If you work for a hospital or practice, you are welcome to join the panel. I am grateful to the HIStalk Advisory Panel members for their help in making HIStalk better.
This question this time: Does your organization use a formal IT service management program such as ITIL, and if so, what results have you seen?
Responses indicating no: 4.
[from a practicing physician] No , I am not aware of any formal IT management program used by my now very large company, but that is not to say that they do not need one.
We started with one, but we didn’t have the institutional memory to keep it alive. As new people came, it became increasingly difficult. Some good remnants remain, but only if somebody remembers to enforce them.
Yes and no. We’re a small shop, so we use ITIL and other models as a source of best practices and implement what makes sense for us. We don’t want to reinvent the wheel, but a full-scale implementation in a small organization is not cost-effective. The processes, templates, etc., that we have pulled in are extremely useful and allow us to more efficiently manage a large workload with a small team.
Not at this time. We have evaluated the use of ITIL and COBIT, but our plates are too full at this time to put any formal processes in place. Luckily the management team has experience with ITIL, so we apply the concepts to change management and service delivery as much as possible.
We have begun to install ITIL. It has been challenging given we are short on resources and when busy, people tend to fall back into the old way of doing things. We have had success with incident management, which is a good thing.

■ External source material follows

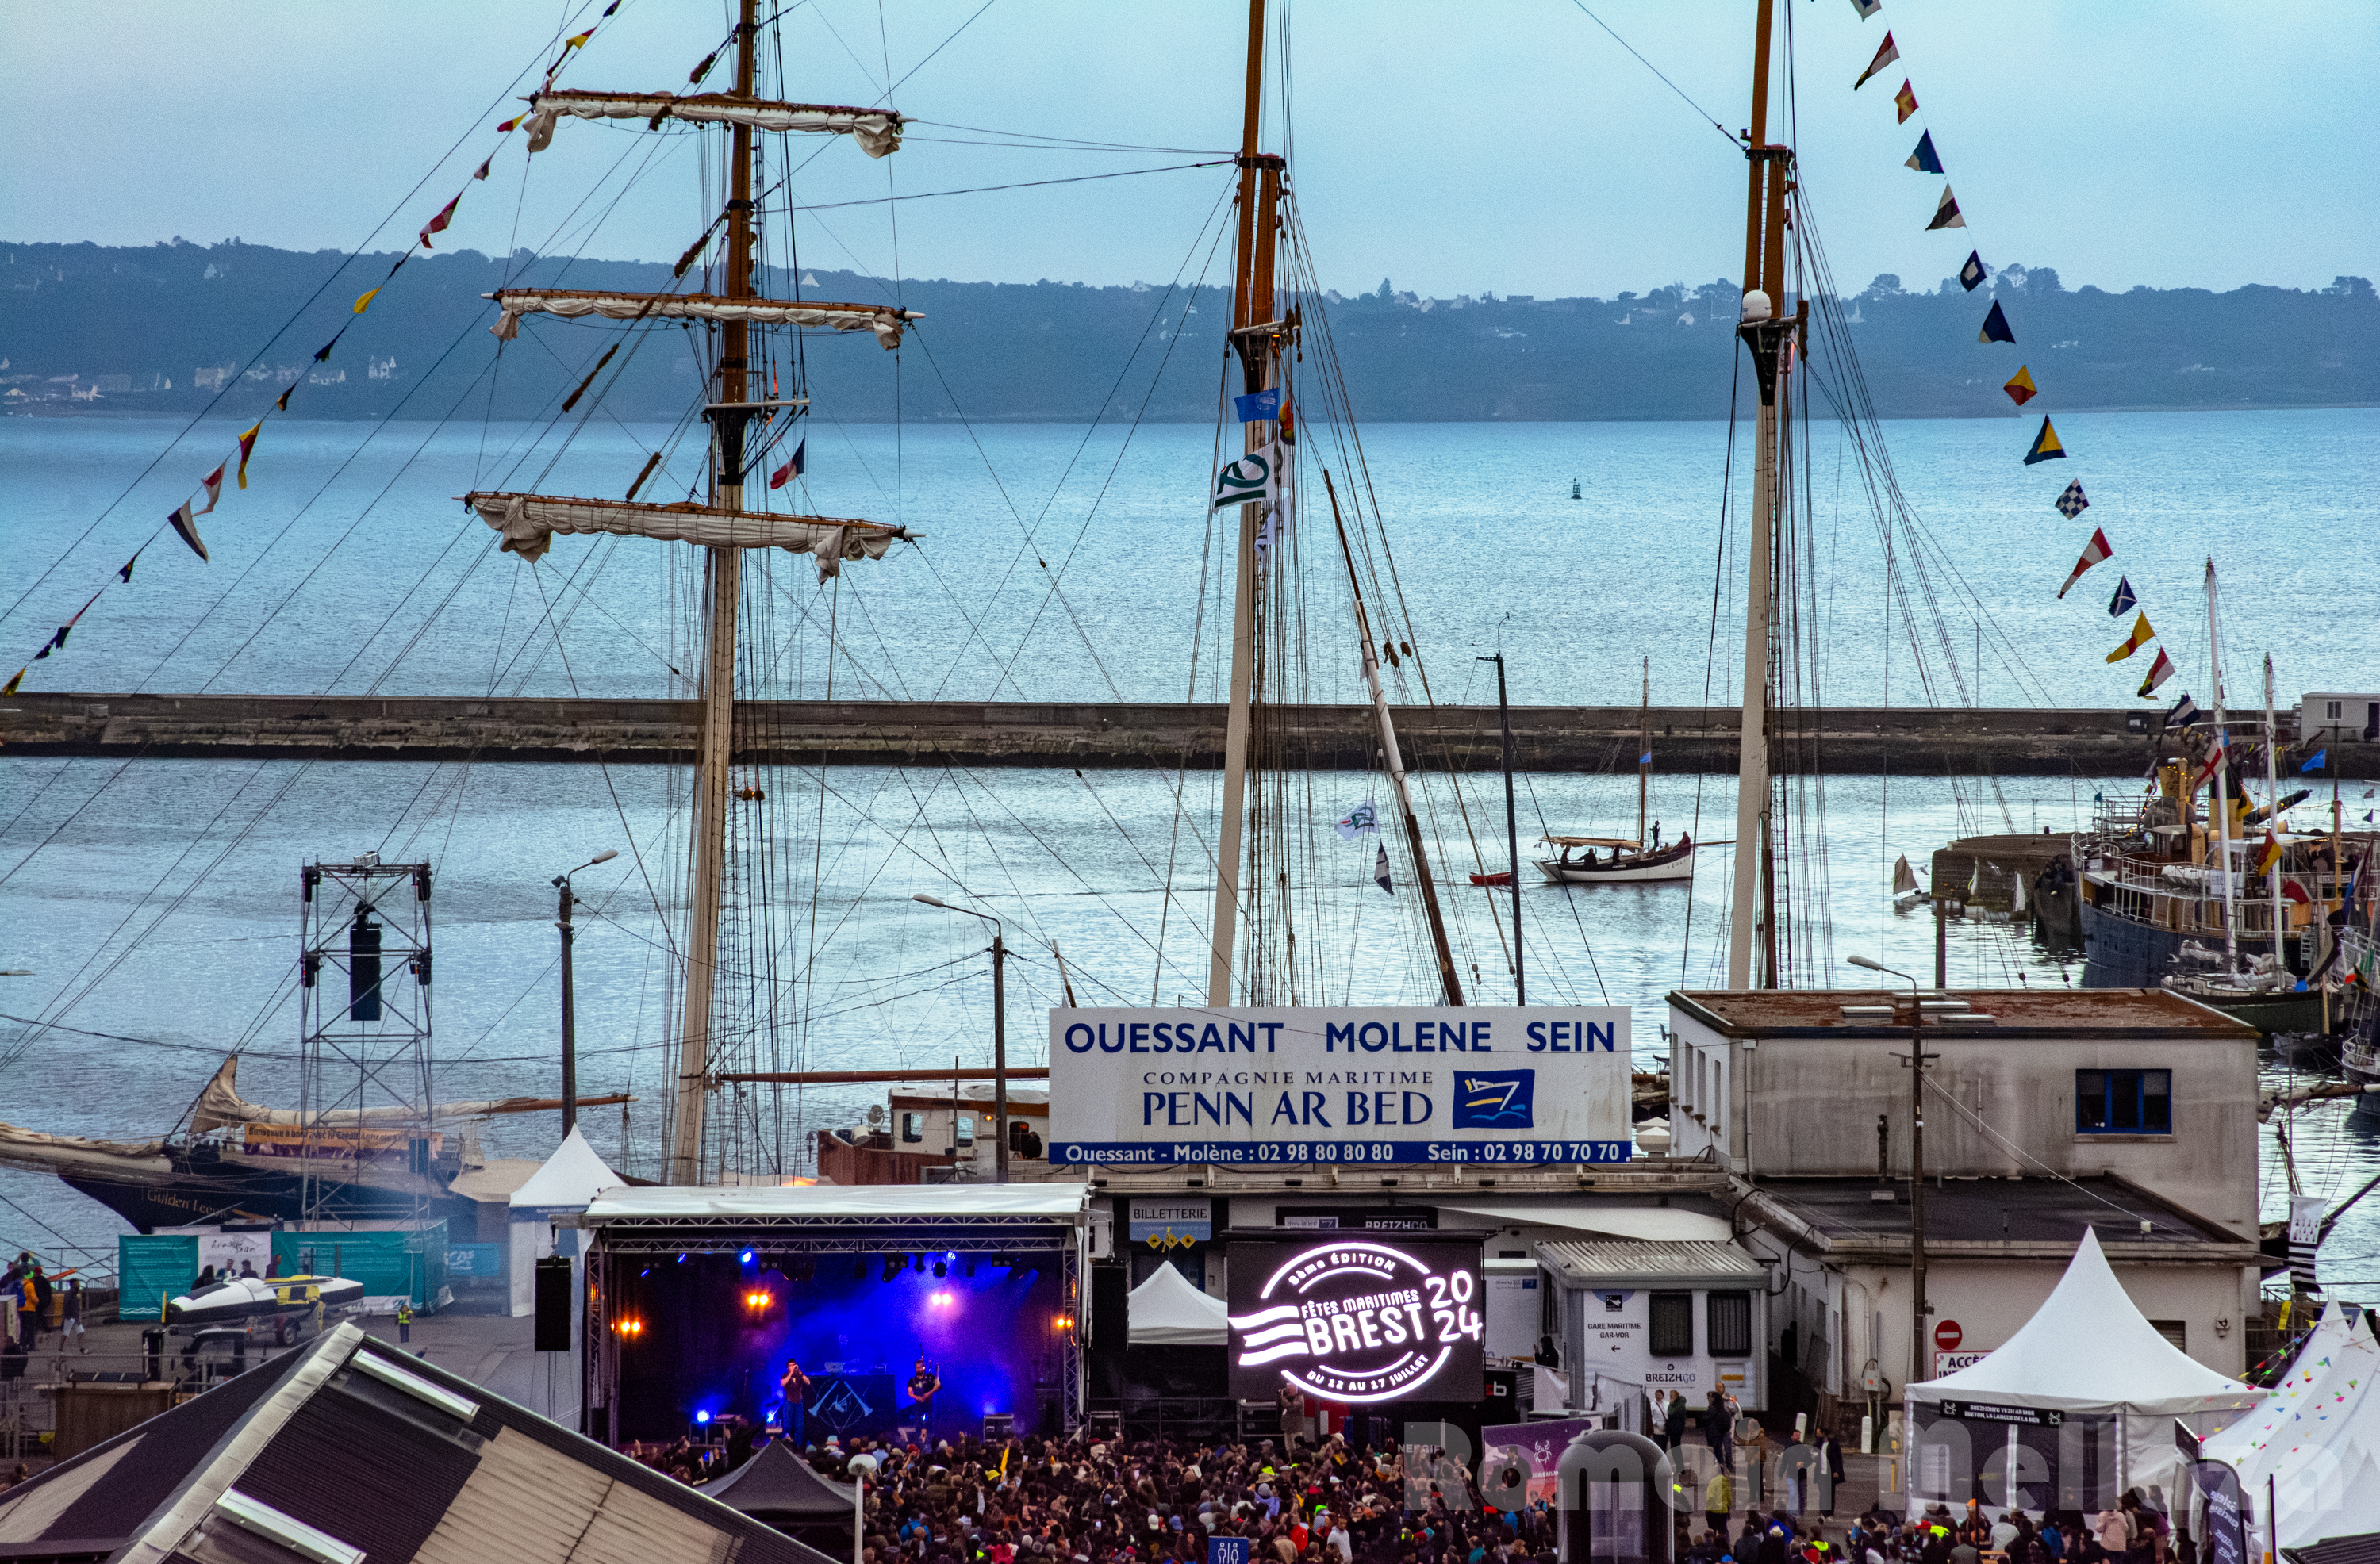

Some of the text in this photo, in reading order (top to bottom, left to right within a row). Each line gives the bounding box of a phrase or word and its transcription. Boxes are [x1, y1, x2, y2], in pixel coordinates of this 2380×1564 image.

I was one of the first to enthusiastically jump on the ITIL bandwagon, many years ago, then I saw firsthand how the ITIL process became the goal, not a means to a goal. After two ITIL implementation attempts with two different teams, in which internal client satisfaction with IS declined and my employees became demoralized drones, I threw away any philosophy to implement the details of ITIL and instead focused on the concepts and the end goals. Those end goals are (1) internal customer satisfaction with IS; (2) IS employee satisfaction; and (3) achievement of both #1 and #2 at the lowest possible IS budget. Since then, I’ve watched ITIL spread to other organizations and watched the same pattern that I experienced. There seems to be an inverse relationship, or at least a tipping point of inflection, between dogmatic adherence to ITIL and IS success and creativity.
At this time we don’t have a formal service structure methodology. We are beginning to look at this due to our organization growing and that all areas now have a major IT component. We most likely would lean towards ITIL.
Yes, we do. If you agree that using ITIL can be helpful and that every part of ITIL may not apply to your operations, it can provide consistency in support that many organizations need. We have found that it is helpful in many aspects of providing end-user services more consistently and more timely with much fewer variations.
We do not use ITIL formally. We will soon be joining a larger system and they have adopted ITIL and we are comparing our current practices to this framework.
We have been trained in the basics of ITIL and have incorporated several concepts and processes. We have not gone full out at this point.